Spatial localization data:
------

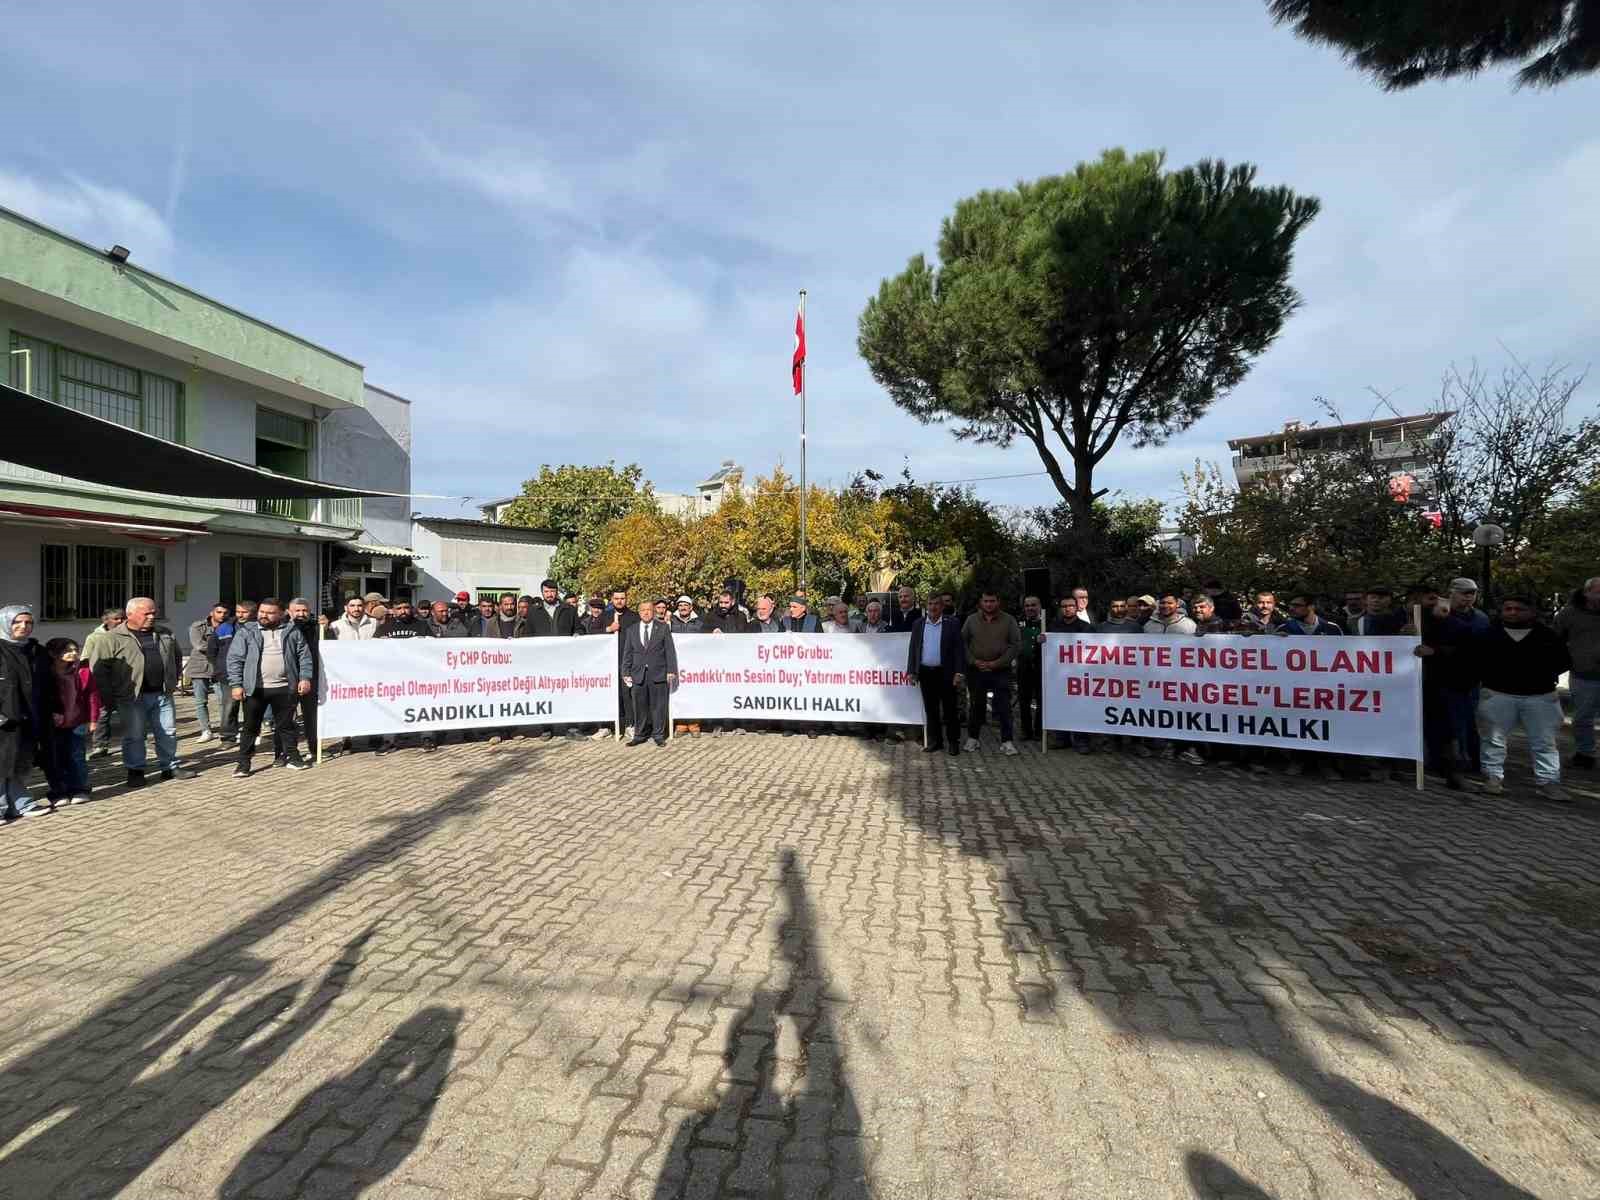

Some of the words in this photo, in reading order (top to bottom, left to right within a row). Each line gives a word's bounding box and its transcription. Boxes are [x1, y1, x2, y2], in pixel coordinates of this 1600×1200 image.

[446, 651, 458, 669] Ey
[460, 651, 479, 665] CHP
[481, 650, 512, 665] Grubu:
[758, 645, 770, 663] Ey
[773, 645, 794, 659] CHP
[797, 645, 833, 660] Grubu:
[1059, 640, 1172, 667] HİZMETE
[1180, 647, 1277, 670] ENGEL
[1286, 649, 1393, 674] OLANI
[331, 683, 374, 700] Hizmete
[377, 681, 406, 701] Engel
[408, 679, 450, 698] Olmayın!
[454, 678, 476, 694] Kısır
[477, 677, 511, 696] Siyaset
[513, 675, 536, 694] Değil
[539, 675, 569, 693] Altyapı
[571, 671, 611, 692] İstiyoruz!
[744, 669, 776, 683] Sesini
[804, 670, 846, 684] Yatırımı
[849, 670, 912, 686] ENGELLEM
[1067, 673, 1140, 699] BİZDE
[404, 704, 494, 723] SANDIKLI
[500, 701, 552, 717] HALKI
[733, 696, 807, 711] SANDIKLI
[812, 697, 860, 712] HALKI
[1104, 706, 1228, 733] SANDIKLI
[1238, 715, 1329, 741] HALKI
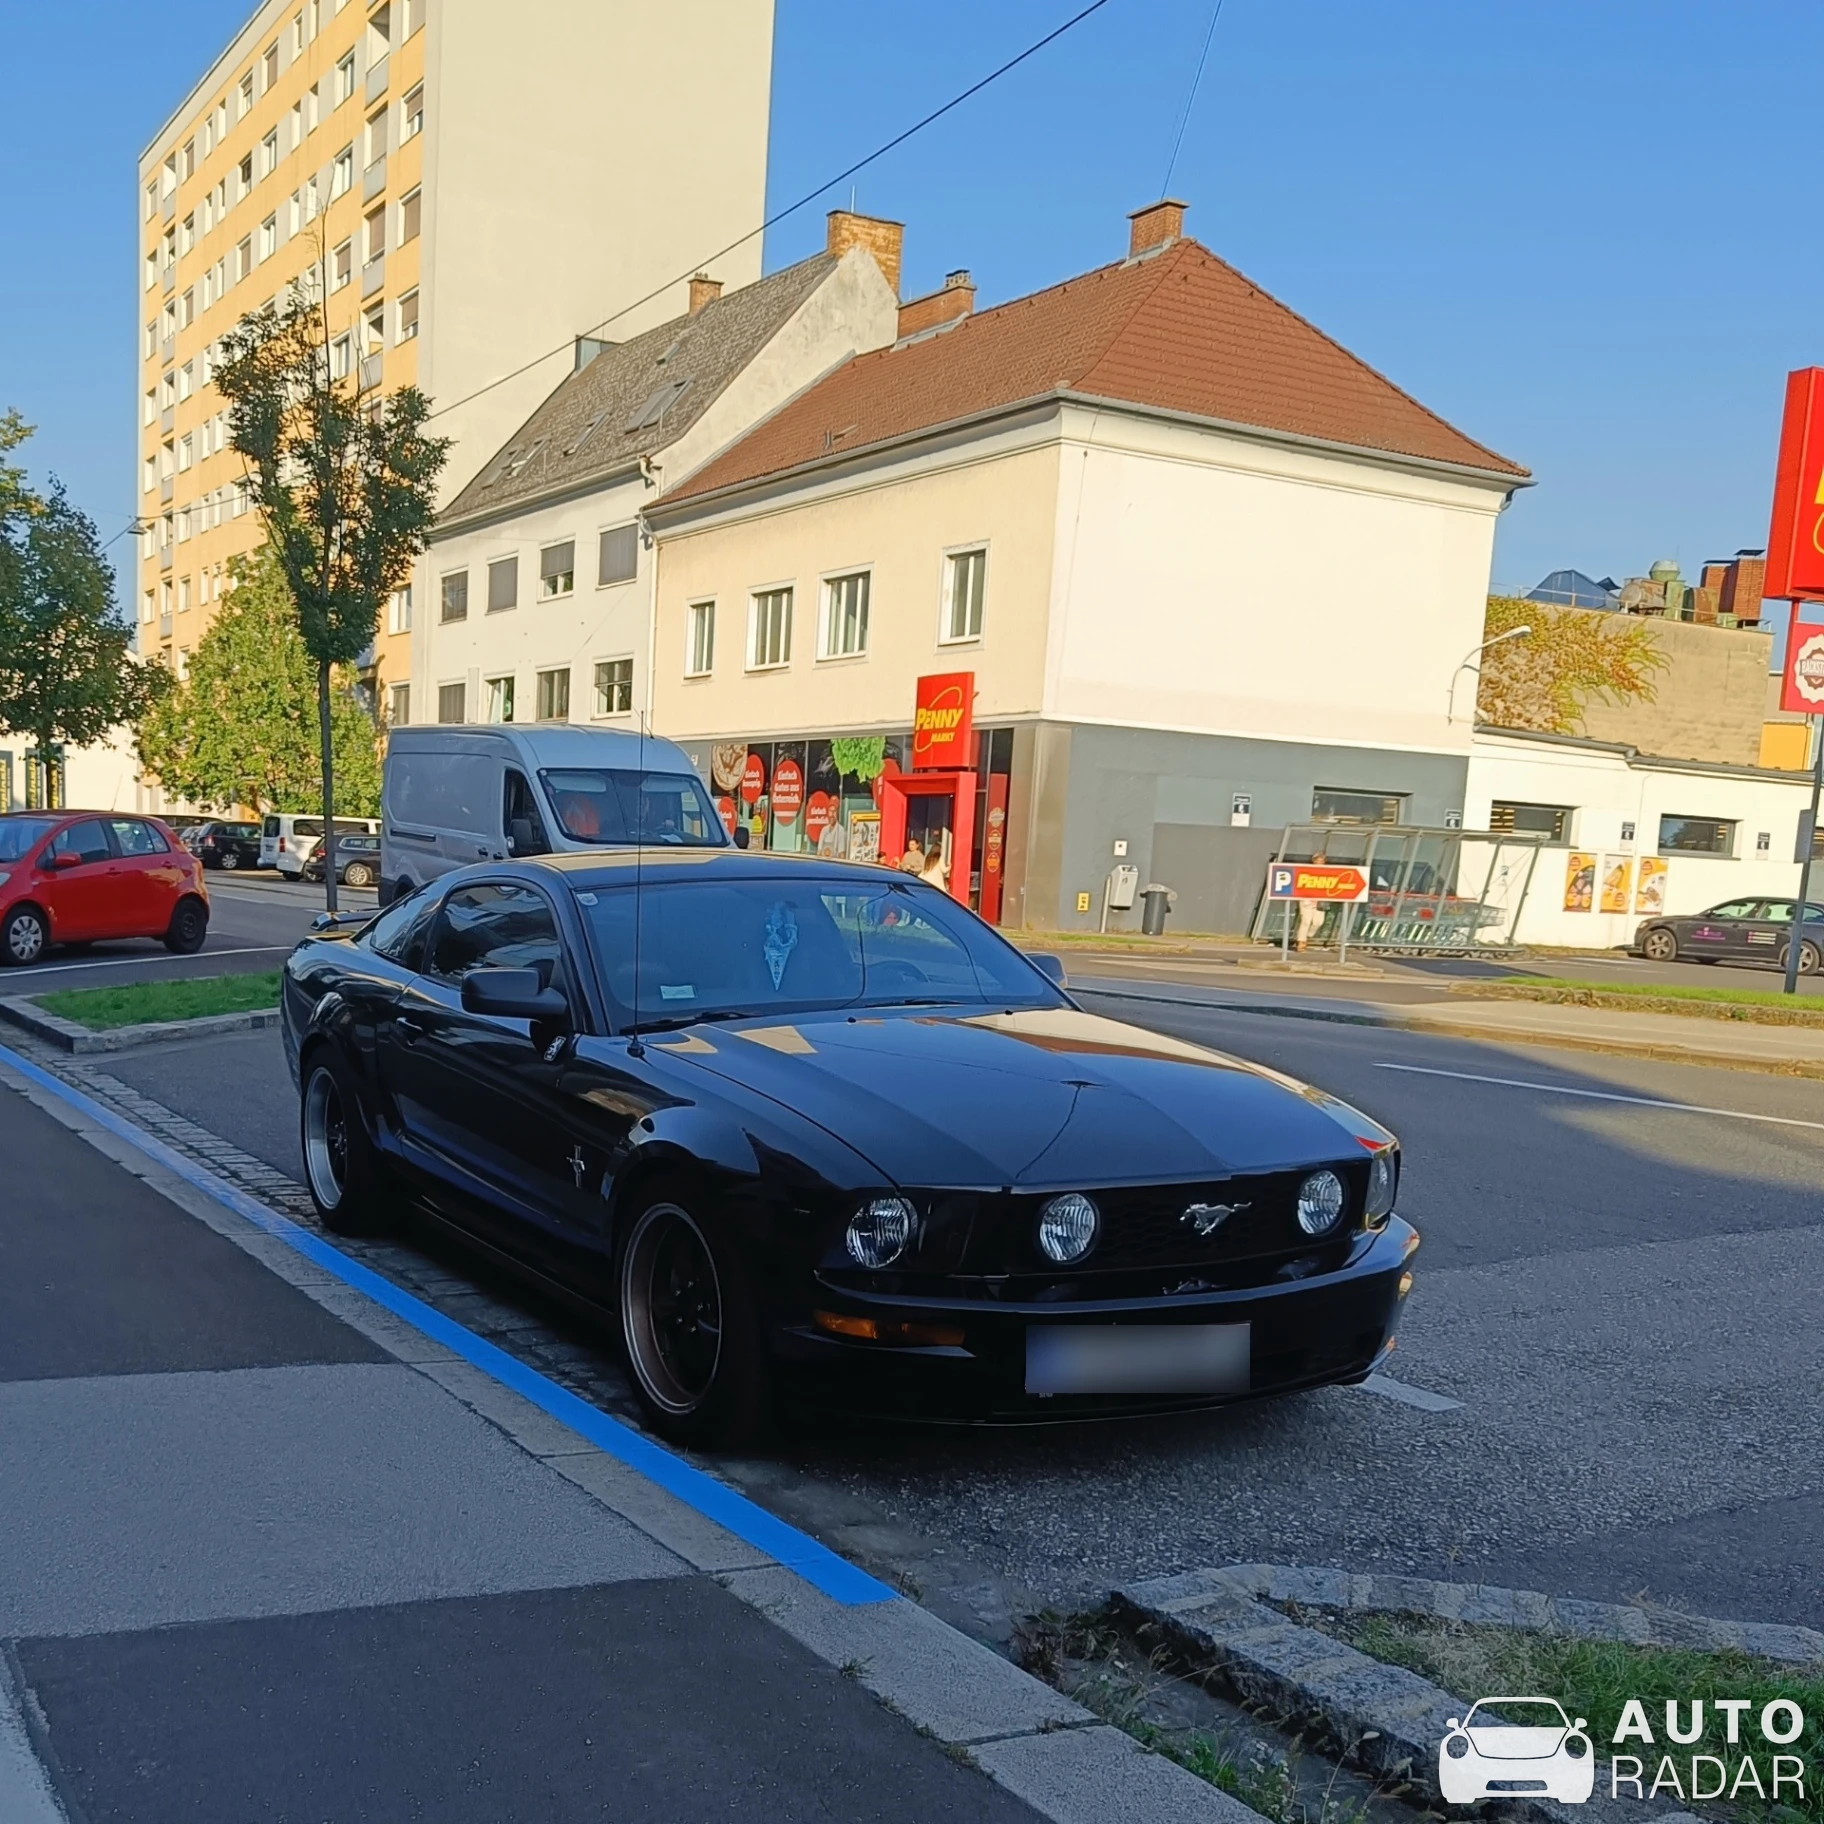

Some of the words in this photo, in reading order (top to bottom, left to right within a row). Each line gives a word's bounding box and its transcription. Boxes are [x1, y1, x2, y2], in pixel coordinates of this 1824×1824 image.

[915, 707, 964, 731] PENNY
[930, 732, 955, 742] MARKT
[1275, 871, 1292, 891] P
[1296, 873, 1338, 889] PENNY

------

__Task objective__. Repeat the data above exactly; images are not part of the copy.

__Finished exercise__.
Some of the words in this photo, in reading order (top to bottom, left to right within a row). Each line gives a word's bounding box and its transcription. Boxes are [x1, y1, x2, y2], in pixel coordinates of this 1600×1200 image.

[446, 651, 458, 669] Ey
[460, 651, 479, 665] CHP
[481, 650, 512, 665] Grubu:
[758, 645, 770, 663] Ey
[773, 645, 794, 659] CHP
[797, 645, 833, 660] Grubu:
[1059, 640, 1172, 667] HİZMETE
[1180, 647, 1277, 670] ENGEL
[1286, 649, 1393, 674] OLANI
[331, 683, 374, 700] Hizmete
[377, 681, 406, 701] Engel
[408, 679, 450, 698] Olmayın!
[454, 678, 476, 694] Kısır
[477, 677, 511, 696] Siyaset
[513, 675, 536, 694] Değil
[539, 675, 569, 693] Altyapı
[571, 671, 611, 692] İstiyoruz!
[744, 669, 776, 683] Sesini
[804, 670, 846, 684] Yatırımı
[849, 670, 912, 686] ENGELLEM
[1067, 673, 1140, 699] BİZDE
[404, 704, 494, 723] SANDIKLI
[500, 701, 552, 717] HALKI
[733, 696, 807, 711] SANDIKLI
[812, 697, 860, 712] HALKI
[1104, 706, 1228, 733] SANDIKLI
[1238, 715, 1329, 741] HALKI

Some of the words in this photo, in reading order (top to bottom, left to right within a row). Each line gives a word's bounding box and its transcription. Boxes are [x1, y1, x2, y2], in pixel coordinates of this 1824×1824 image.

[915, 707, 964, 731] PENNY
[930, 732, 955, 742] MARKT
[1275, 871, 1292, 891] P
[1296, 873, 1338, 889] PENNY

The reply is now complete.